— Exercise —
Although the entries contain pictures, copy only their text, exactly as written.

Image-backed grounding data
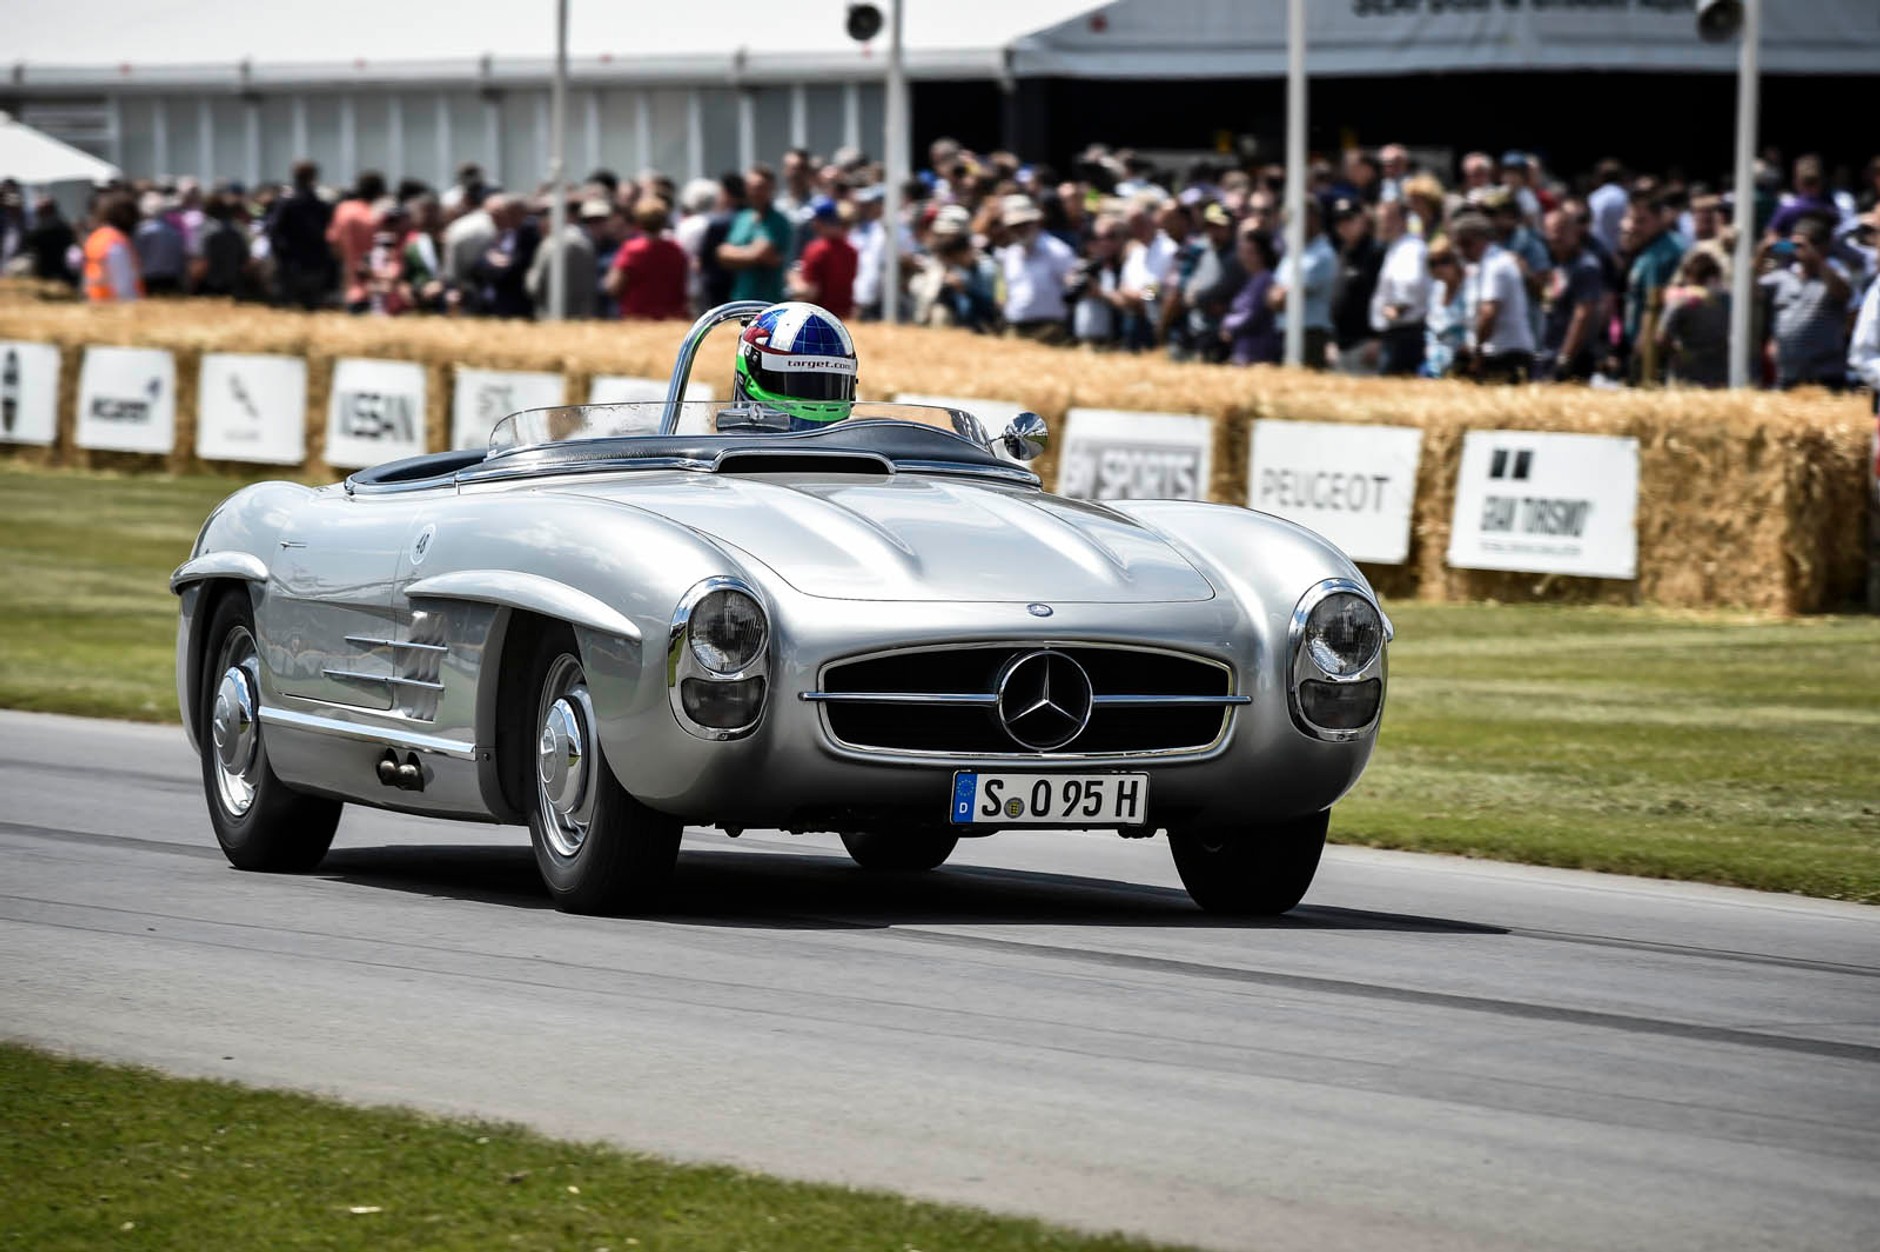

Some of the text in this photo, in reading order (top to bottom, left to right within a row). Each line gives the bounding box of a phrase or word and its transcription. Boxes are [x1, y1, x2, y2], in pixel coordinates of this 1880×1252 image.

[1261, 468, 1390, 513] PEUGEOT
[959, 802, 968, 814] D
[981, 779, 1004, 817] S
[1115, 780, 1139, 818] H
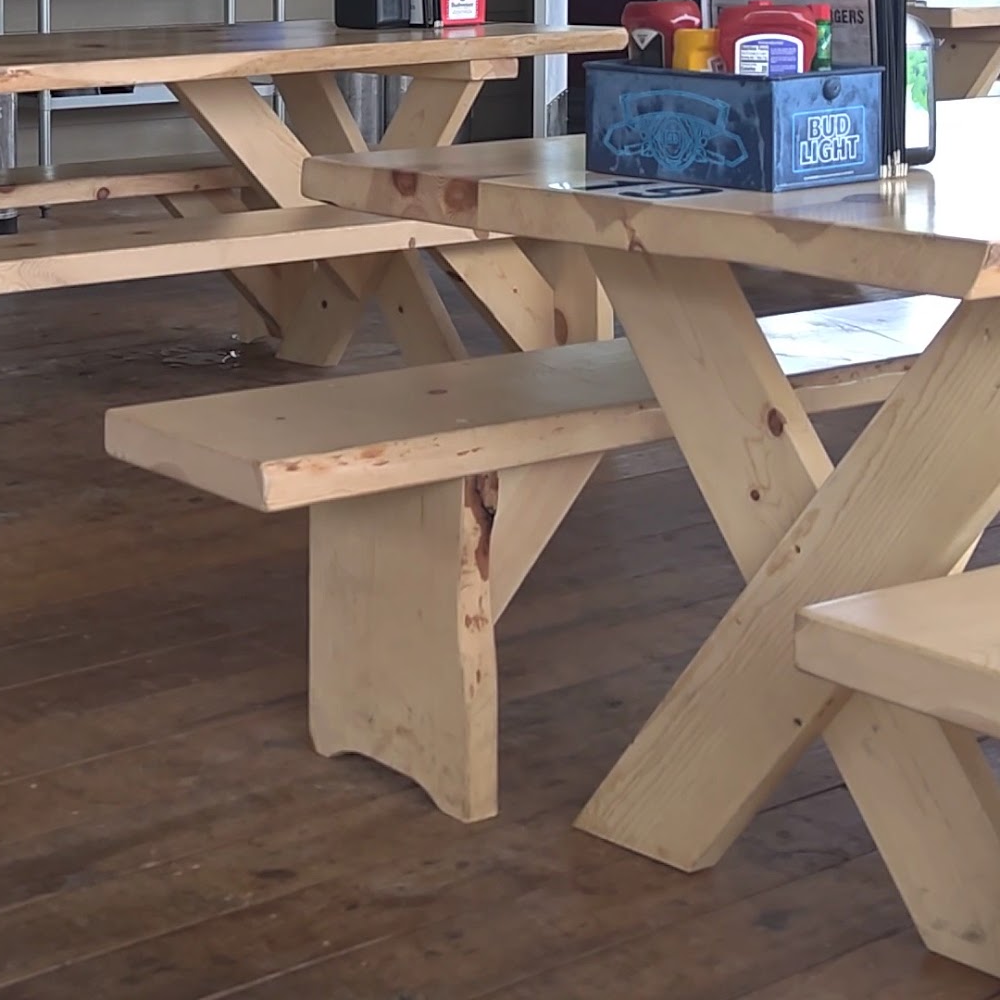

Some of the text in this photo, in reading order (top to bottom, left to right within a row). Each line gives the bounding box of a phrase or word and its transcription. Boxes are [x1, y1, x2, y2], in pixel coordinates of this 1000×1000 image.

[830, 8, 865, 25] GERS
[807, 112, 851, 141] BUD
[800, 134, 860, 166] LIGHT
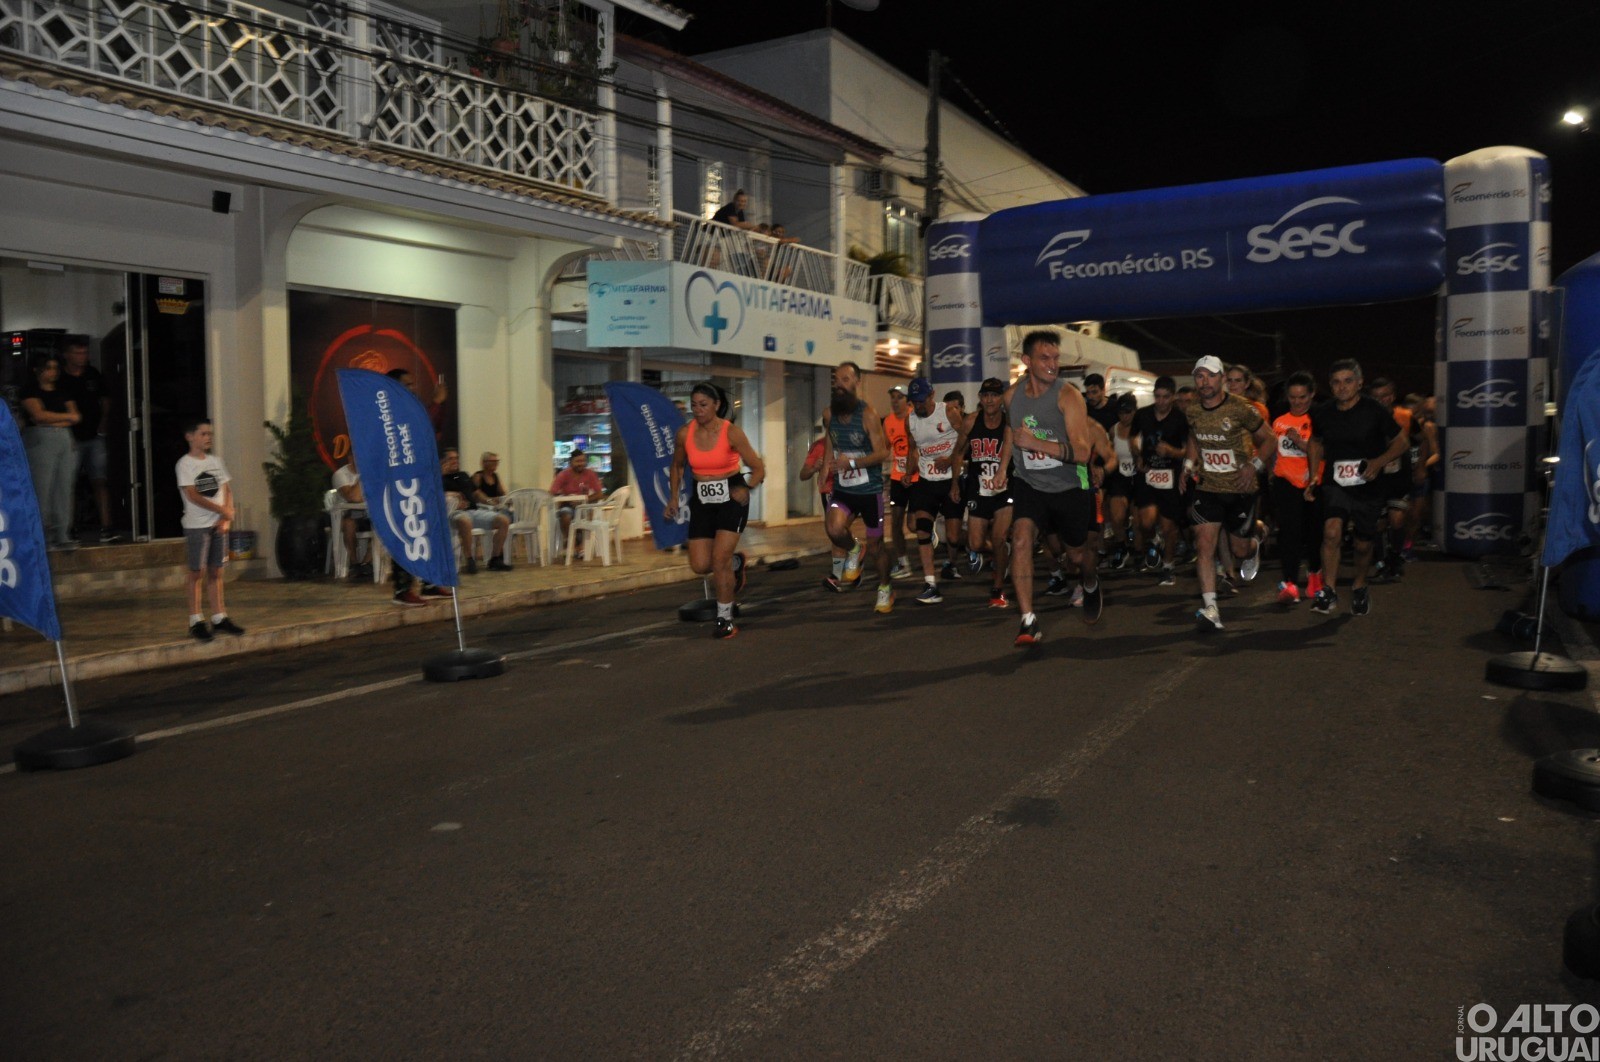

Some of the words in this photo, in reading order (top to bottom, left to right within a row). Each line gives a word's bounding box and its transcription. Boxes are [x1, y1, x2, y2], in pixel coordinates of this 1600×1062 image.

[1049, 253, 1175, 280] Fecomércio
[1181, 248, 1215, 269] RS
[611, 284, 666, 293] VITAFARMA
[741, 282, 833, 320] VITAFARMA
[375, 390, 399, 467] Fecomércio
[397, 423, 416, 465] Senac
[1196, 433, 1226, 441] MASSA
[1204, 452, 1231, 466] 300
[1149, 472, 1169, 484] 268
[700, 482, 725, 498] 863
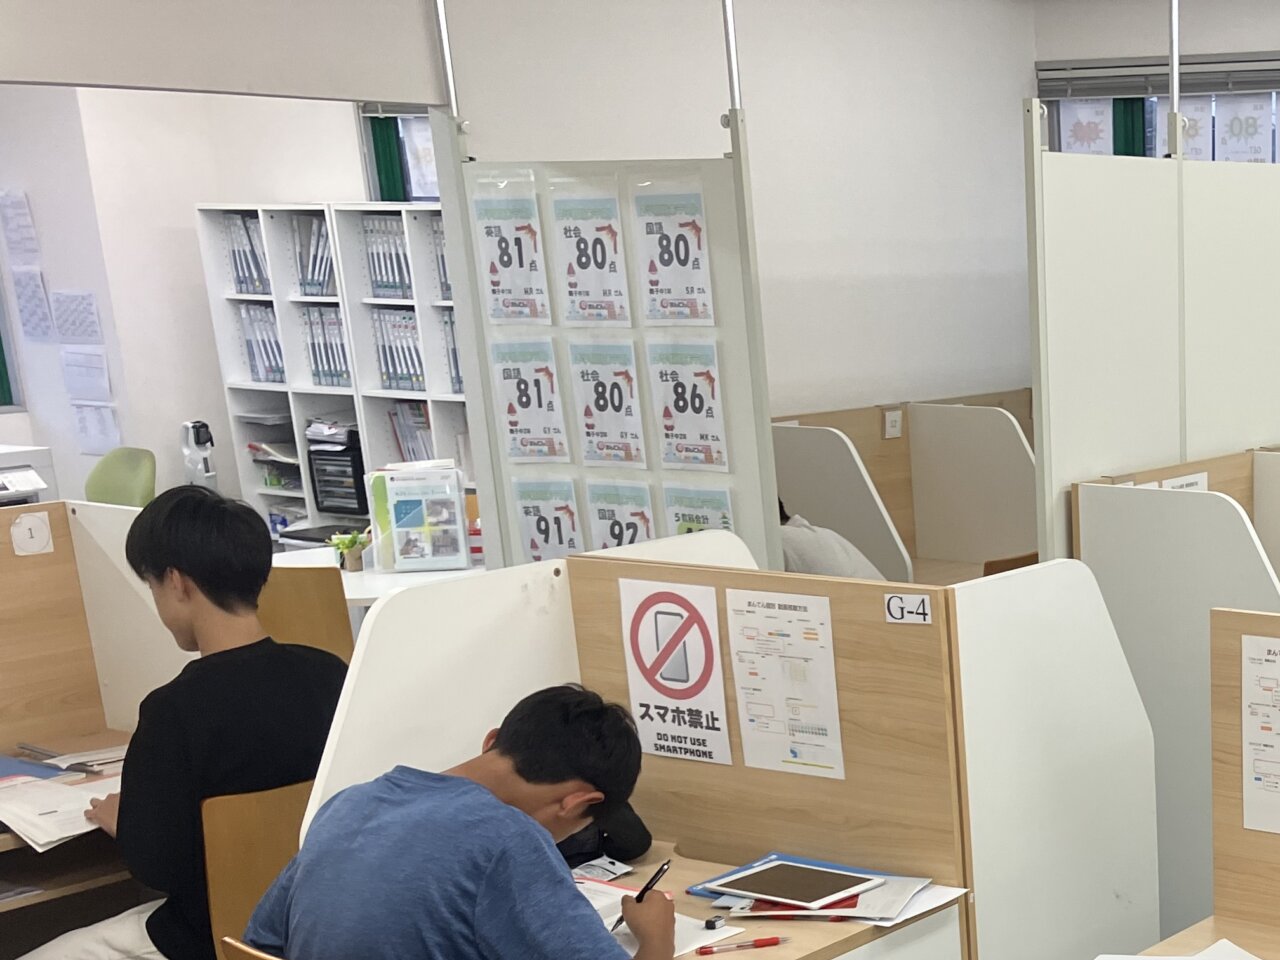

— Output for this task —
Some of the text in this photo, in reading order (top to bottom, left to right within a row). Each line gives the bounding box of a phrase or word and its transcription. Boxes are [x1, y1, x2, y2], in pixel coordinates of this 1880×1252 image.

[1261, 468, 1390, 513] PEUGEOT
[959, 802, 968, 814] D
[981, 779, 1004, 817] S
[1115, 780, 1139, 818] H

Some of the text in this photo, in reading order (top to bottom, left to right within a row). Each line gives the bounding box of a phrase or word and its transcription. Boxes are [x1, y1, x2, y2], in pixel coordinates of this 1000×1000 image.

[830, 8, 865, 25] GERS
[807, 112, 851, 141] BUD
[800, 134, 860, 166] LIGHT

Some of the words in this photo, in reading order (top to bottom, left to right within a row). Each line gives a word's bounding box and its transcription. Boxes are [x1, y1, x2, y2], in pixel coordinates of this 1600×1062 image.

[1049, 253, 1175, 280] Fecomércio
[1181, 248, 1215, 269] RS
[611, 284, 666, 293] VITAFARMA
[741, 282, 833, 320] VITAFARMA
[375, 390, 399, 467] Fecomércio
[397, 423, 416, 465] Senac
[1196, 433, 1226, 441] MASSA
[1204, 452, 1231, 466] 300
[1149, 472, 1169, 484] 268
[700, 482, 725, 498] 863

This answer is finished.